Dans la série des plantes épineuses et à pompons roses, parlons des chardons. Des vrais cette fois-ci, ceux du genre Carduus.

Carduus crispus, le chardon crépu – Eragny © CACP – Emilie Périé

Il en existe 4 espèces en Île-de-France : le chardon crépu et le chardon penché, dont la présence est assez commune et le chardon à petites fleurs et le chardon faux-acanthes qui sont rares (voire extrêmement rares).

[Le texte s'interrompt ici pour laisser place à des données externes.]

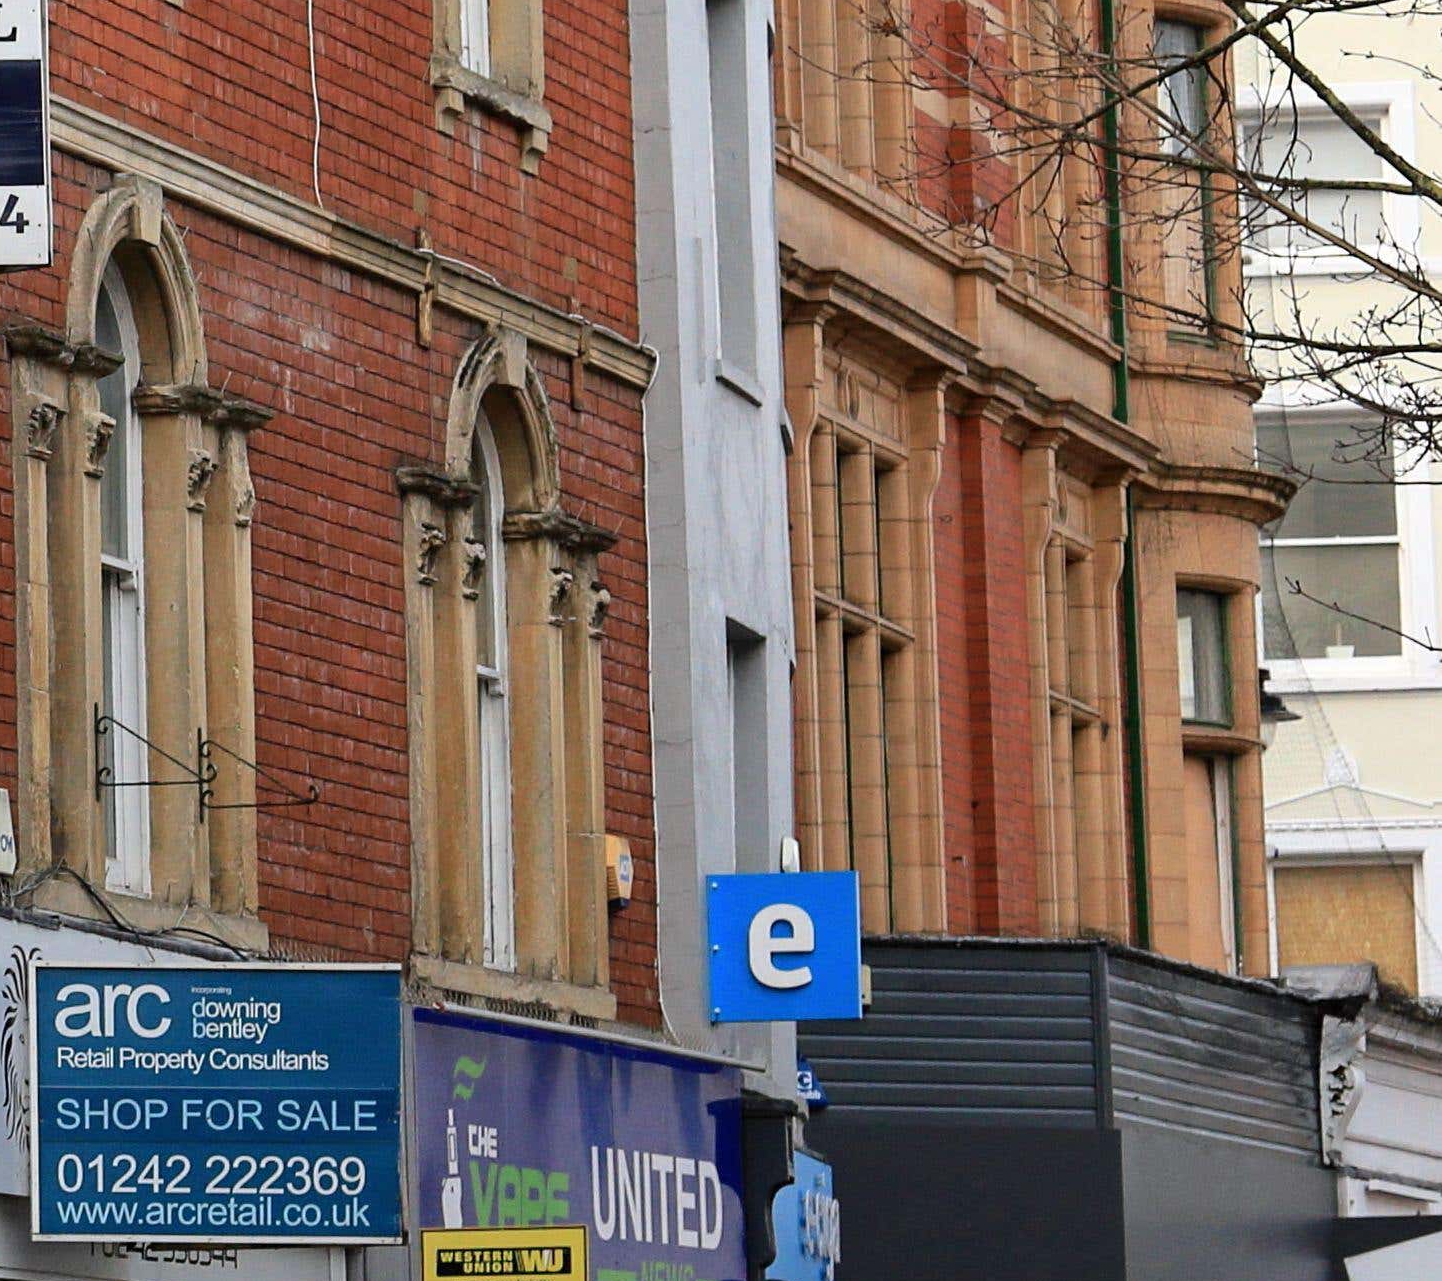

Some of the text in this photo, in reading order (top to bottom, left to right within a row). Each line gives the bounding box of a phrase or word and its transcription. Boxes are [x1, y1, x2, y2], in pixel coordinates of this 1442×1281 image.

En ce qui concerne les deux plus courants, les différencier entre eux est relativement simple. Le chardon crépu est d’aspect beaucoup plus épineux avec des ailes sur les tiges qui portent de fortes épines. La plante peut atteindre 1m20 et les fleurs sont assez petites.

Carduus crispus, le chardon crépu – Eragny © CACP – Emilie Périé

Le chardon penché est quant à lui … penché. La plante dépasse rarement 1 mètre de haut, les « pompons » sont plus gros et orientés vers le sol.

Carduus nutans, le chardon penché – Neuville © CACP – Gilles Carcassès

En revanche, il peut parfois être délicat de différencier un chardon « vrai », du genre Carduus, d’autres astéracées épineuses, comme les cirses (genre Cirsium). Le cirse commun, Cirsium vulgare, peut avoir un aspect assez épineux qui le fait ressembler au chardon crépu. Dans ce cas, le critère de différenciation est au niveau du fruit. Le chardon Carduus a des soies simples alors que le cirse Cirsium a des soies plumeuses.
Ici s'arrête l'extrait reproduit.